**Task prompt**
In the copy, every record below must appear exactly as given, and no picture may appear.

[Phrase grounding data]
● ● ●

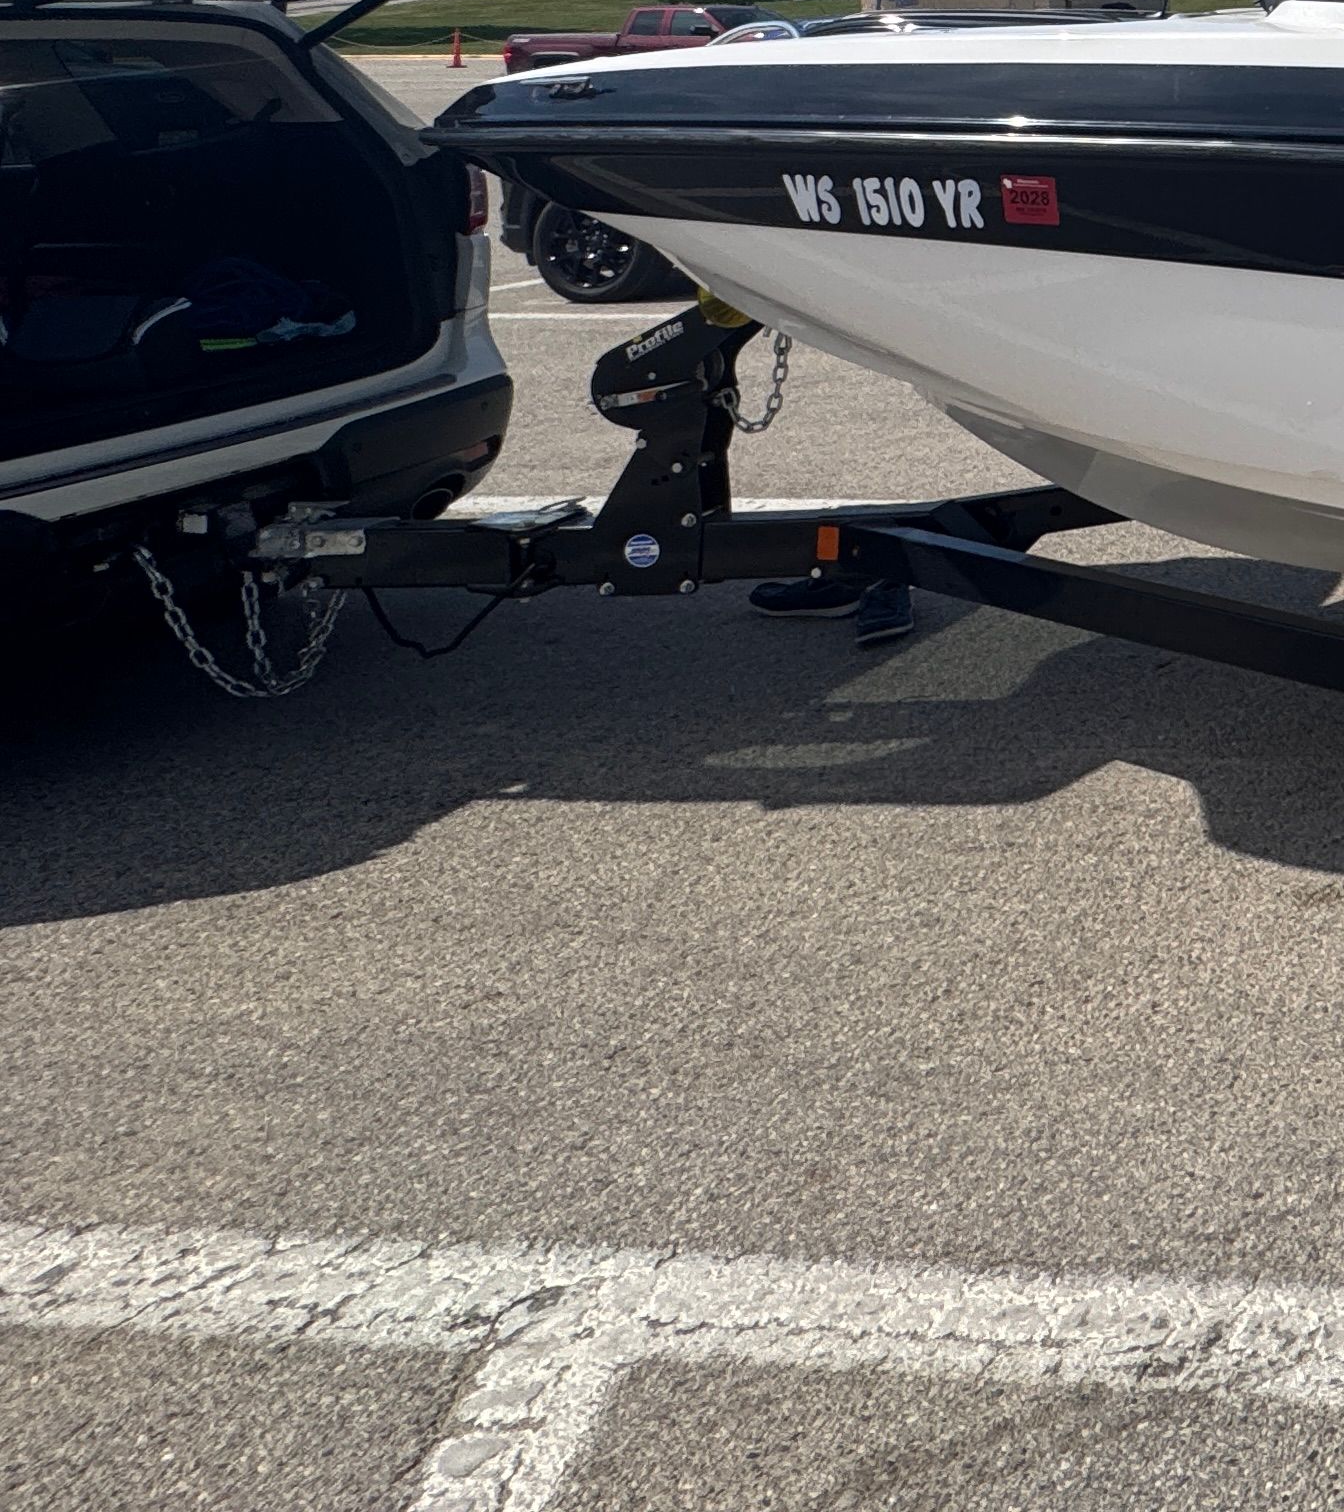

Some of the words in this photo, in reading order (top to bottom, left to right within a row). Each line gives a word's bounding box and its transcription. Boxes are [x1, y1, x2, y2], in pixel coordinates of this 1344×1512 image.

[782, 174, 841, 225] WS
[853, 177, 925, 228] 1510
[933, 178, 985, 229] YR
[1010, 189, 1050, 206] 2028
[626, 321, 684, 362] Profile

● ● ●

**Solution**
Some of the words in this photo, in reading order (top to bottom, left to right within a row). Each line gives a word's bounding box and its transcription. Boxes are [x1, y1, x2, y2], in pixel coordinates of this 1344×1512 image.

[782, 174, 841, 225] WS
[853, 177, 925, 228] 1510
[933, 178, 985, 229] YR
[1010, 189, 1050, 206] 2028
[626, 321, 684, 362] Profile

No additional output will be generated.